State v. Prieto

836 P.2d 1008 | Ariz. Ct. App. | 1992

OPINION

KLEINSCHMIDT, Acting Presiding Judge.

The defendant pled guilty to attempted child molesting and was sentenced to a term of imprisonment. He was also ordered to pay restitution to the Arizona Department of Economic Security in the amount of $2,581.68 for money that it paid for psychological evaluation, counseling, and a parent aide for the victim and her mother. The defendant argues, for the first time on appeal, that the restitution order was improper because the department is not the “victim of the crime” within the meaning of the restitution statute, Ariz.Rev.Stat.Ann. (“A.R.S.”) § 13-603(C). We will address the issue notwithstanding the failure of the defendant to raise it below, because it turns on undisputed facts and affects the interests of the state at large. See Rubens v. Costello, 75 Ariz. 5, 251 P.2d 306 (1952).

*299We hold that the department of economic security is entitled to restitution. Our statute provides that a court must require a person convicted of a crime to make restitution to the victim of the crime, or to the victim’s immediate family1 if the victim has died, in the full amount of economic loss determined by the court. A.R.S. § 13-603(C). Had the victim spent her own money for evaluation, counseling and a parent aide, she would unquestionably be entitled to restitution. See State v. Brady, 169 Ariz. 447, 819 P.2d 1033 (App.1991) (victim of sexual assault may recover moving expense necessary to restore peace of mind); and State v. Wideman, 165 Ariz. 364, 798 P.2d 1373 (App.1990) (allowing recovery for mental health counseling). The question for decision arises because the department of economic security is a secondary victim of the crime and, as such, the defendant argues, is not entitled to restitution.

Our decision in State v. Merrill, 136 Ariz. 300, 665 P.2d 1022 (App.1983), resolves the issue. There we held that an insurance company which had reimbursed the victim for property lost in a burglary was entitled to restitution. Such an order, we held, forces a defendant to recognize the specific consequences of his criminal activity and take responsibility for it. Id. at 302, 665 P.2d at 1024. We think it safe to presume that the department of economic security, in paying money on behalf of the victim and her family, was not a mere volunteer. See generally A.R.S. § 41-1954(A)(1)(b) and (j). Instead, much like an insurance company, in assisting the victim, the department was presumably honoring an entitlement that belonged to her. Thus, the department in this case is in the same posture as was the insurance company in Merrill.

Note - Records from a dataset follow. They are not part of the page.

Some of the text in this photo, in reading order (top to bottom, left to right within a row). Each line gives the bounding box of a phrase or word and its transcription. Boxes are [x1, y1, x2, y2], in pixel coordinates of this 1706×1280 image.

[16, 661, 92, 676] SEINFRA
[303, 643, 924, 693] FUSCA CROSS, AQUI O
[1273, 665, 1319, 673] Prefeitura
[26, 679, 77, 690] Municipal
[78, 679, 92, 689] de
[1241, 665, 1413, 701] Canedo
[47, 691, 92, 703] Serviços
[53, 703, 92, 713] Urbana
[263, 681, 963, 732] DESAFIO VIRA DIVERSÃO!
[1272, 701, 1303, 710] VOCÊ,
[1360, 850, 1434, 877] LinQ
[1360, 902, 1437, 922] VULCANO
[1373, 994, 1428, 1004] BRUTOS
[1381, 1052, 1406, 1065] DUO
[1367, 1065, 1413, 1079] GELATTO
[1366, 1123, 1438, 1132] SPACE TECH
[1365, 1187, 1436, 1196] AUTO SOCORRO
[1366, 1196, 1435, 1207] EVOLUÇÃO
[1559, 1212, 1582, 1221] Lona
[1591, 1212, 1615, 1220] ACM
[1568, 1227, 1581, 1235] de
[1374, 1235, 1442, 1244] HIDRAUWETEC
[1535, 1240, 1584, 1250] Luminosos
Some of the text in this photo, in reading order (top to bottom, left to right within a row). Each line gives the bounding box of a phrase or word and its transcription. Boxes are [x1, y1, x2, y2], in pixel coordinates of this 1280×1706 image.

The defendant relies on State v. French, 166 Ariz. 247, 801 P.2d 482 (App.1990), to support his argument. In that case, we held that the owner of a motel was not the victim of the crime merely because he suffered economic loss for cleaning expenses, replacement of bedding, and lost rental income as the result of damage that the defendant did in committing an aggravated assault in one of the motel rooms. We said that the legislature did not intend the phrase “the victim of the crime” in A.R.S. § 13-603(C) to include everyone who suffered economic loss as a result, either directly or indirectly, of the defendant’s crime. Here, as we did in Merrill, we compensate an entity which stands in the shoes of the victim because it is legally required to suffer the victim’s own precise loss. In French, the motel owner suffered a separate loss and did not step into the victim’s shoes. The owner of the motel in French was beyond that line. His claims did not result from money paid to or on behalf of an immediate victim as an entitlement.

This court has, pursuant to A.R.S. § 13-4035, fully reviewed the record for fundamental error. After reviewing the record we find that no reversible error was committed in these proceedings.

The order awarding restitution to the department of economic security is affirmed.

EUBANK, J., and ALLEN G. MINKER, Superior Court Judge, concur.

NOTE: Judge Allen G. Minker, Judge of the Superior Court of Greenlee County, was authorized to participate in this matter by order of the Chief Justice of the Arizona Supreme Court pursuant to Ariz. Const, art. VI, § 3.

. Some unquantified amount of the money spent by the department apparently was for psychological evaluation of the victim’s mother. Arguably, such amounts are not restitution authorized in the statute unless the victim dies. Assuming, on the other hand, that such expenditures were all directly for the victim, such as testing and counseling to enable the mother to take care of the victim, a counterargument can be made that such expenditures for the family are recoverable under the statute. Because there is no breakdown of expenditures in the record, no detailed explanation of them, and because the defendant has not raised this subissue and it is not briefed, we assume without deciding that payments made for evaluation of the mother are properly the subject of restitution.